Hoje, estima-se que entre a 6 a 8% da população concorde com estas afirmações e opte por não pôr nada com glúten no seu carrinho de supermercado. Porque, embora não tenha a doença celíca (descrita pela primeira vez no século I), queixa-se de sintomas similares – diarreias, gases, prisão de ventre, dores de estômago, cólicas, inchaço e fadiga – e sente-se aliviada quando deixa de lado esta proteína presente em vários cereais, como trigo, cevada ou aveia. E assim, nasceu a já identificada sensibilidade não-celíaca ao glúten, com muito impulso de algumas estrelas de Hollywood, como Miley Cyrus ou Gwyneth Paltrow.
Agora, já ninguém duvida que o pão que comemos, ou que a generalidade das pessoas comem, não tem nada a ver com o que as anteriores gerações ingeriam. Além de os agricultores usarem o controverso pesticida glifosato nos dias anteriores à colheita do trigo, os métodos que antes eram tradicionais passaram a ser químicos, recorrendo a conservantes e outros sintéticos para aumentar a durabilidade do pão e outros produtos do género. Apesar do uso destes aditivos ser considerado seguro pela americana Food and Drug Administration, a quantidade ingerida nas sociedades modernas, em que se recorre com frequência a comida processada, não estará contemplada nessa assunção de segurança.
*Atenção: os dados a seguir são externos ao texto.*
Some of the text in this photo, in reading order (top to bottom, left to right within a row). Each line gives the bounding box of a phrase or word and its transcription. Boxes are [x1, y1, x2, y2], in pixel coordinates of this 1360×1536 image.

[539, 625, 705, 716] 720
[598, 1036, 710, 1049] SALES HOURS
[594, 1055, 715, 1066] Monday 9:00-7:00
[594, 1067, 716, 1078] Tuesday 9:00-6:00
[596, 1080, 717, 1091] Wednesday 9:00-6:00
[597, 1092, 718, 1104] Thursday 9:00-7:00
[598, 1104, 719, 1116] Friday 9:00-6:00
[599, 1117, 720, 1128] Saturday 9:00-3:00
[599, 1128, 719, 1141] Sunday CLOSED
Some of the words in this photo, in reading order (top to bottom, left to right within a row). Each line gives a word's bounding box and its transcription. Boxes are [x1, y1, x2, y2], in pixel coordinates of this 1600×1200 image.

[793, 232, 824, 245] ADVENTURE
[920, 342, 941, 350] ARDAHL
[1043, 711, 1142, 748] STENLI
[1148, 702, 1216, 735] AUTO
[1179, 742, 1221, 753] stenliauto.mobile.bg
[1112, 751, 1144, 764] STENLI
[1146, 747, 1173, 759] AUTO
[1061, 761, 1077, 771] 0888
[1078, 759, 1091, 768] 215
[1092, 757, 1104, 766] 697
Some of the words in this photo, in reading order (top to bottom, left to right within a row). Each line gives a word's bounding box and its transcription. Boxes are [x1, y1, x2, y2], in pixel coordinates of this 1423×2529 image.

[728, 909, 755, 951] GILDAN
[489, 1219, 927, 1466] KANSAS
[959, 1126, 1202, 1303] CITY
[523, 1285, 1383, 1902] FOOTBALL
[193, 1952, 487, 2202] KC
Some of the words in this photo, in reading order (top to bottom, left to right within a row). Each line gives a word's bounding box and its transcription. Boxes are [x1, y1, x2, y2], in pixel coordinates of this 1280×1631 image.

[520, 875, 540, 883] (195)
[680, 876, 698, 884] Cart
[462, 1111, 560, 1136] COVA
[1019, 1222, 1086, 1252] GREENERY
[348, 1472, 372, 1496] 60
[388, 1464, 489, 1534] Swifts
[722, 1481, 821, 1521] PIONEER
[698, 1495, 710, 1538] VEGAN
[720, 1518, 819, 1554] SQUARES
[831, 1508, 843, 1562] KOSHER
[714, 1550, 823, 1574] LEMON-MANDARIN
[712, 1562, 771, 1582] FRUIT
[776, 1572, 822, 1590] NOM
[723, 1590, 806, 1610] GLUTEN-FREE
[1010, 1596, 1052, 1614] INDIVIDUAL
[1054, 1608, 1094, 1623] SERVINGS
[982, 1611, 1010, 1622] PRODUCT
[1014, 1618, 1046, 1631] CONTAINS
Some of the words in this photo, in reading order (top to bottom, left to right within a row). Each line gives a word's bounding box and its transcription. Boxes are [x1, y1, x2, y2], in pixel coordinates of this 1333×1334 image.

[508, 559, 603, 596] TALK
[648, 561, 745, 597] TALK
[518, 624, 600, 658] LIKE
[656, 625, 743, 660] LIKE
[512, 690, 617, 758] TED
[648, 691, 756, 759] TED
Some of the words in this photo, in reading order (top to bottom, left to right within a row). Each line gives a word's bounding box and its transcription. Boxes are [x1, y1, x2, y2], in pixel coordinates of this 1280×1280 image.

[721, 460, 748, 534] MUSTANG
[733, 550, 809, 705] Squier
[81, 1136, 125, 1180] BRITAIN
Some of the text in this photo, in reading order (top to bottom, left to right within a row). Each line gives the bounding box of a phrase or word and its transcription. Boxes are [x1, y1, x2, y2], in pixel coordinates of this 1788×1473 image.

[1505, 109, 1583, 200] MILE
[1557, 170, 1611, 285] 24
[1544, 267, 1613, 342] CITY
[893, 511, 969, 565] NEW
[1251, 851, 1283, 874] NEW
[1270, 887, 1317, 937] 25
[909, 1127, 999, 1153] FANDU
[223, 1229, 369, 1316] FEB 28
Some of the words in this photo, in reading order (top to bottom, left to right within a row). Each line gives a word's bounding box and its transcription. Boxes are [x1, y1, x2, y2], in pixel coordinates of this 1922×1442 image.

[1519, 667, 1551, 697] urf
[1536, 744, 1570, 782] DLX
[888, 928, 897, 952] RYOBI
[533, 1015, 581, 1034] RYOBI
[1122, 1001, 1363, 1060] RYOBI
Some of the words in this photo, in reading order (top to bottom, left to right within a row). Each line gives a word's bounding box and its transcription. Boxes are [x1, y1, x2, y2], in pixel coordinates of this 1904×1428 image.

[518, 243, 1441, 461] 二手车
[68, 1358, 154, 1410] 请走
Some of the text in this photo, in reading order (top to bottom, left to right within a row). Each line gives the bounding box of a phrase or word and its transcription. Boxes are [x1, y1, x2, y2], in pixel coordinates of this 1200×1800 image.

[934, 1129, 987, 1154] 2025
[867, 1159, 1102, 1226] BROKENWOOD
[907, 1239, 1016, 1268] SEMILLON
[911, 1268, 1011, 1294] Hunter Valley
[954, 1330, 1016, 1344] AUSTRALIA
Vários investigadores associaram esses aditivos às queixas de quem sofre de perturbações gástricas. Por exemplo, um estudo recente chegou à conclusão que os emulsionantes – utilizados no pão industrial e na bolaria – podem promover inflamação intestinal, ao causarem disrupção entre o sistema imunitário e a microbioma.
Não será por acaso que assistimos, neste momento, em Portugal, a um movimento de regresso ao pão de antigamente, sem uso de aditivos, e recorrendo apenas à massa mãe, um fermento vivo alimentado de água e farinha, para dar forma aos pães, sem pressas.
O caminho será por aqui, ou por substituir as farinhas mais comuns por outras que caíram em desuso, como a espelta, por exemplo. E não tanto pelos produtos que se anunciam glúten free. Esses, para manterem as mesmas características de consistência, adicionam mais gordura e açúcares, além de conterem, também, os tais aditivos e enzimas usados pela generalidade da indústria alimentar.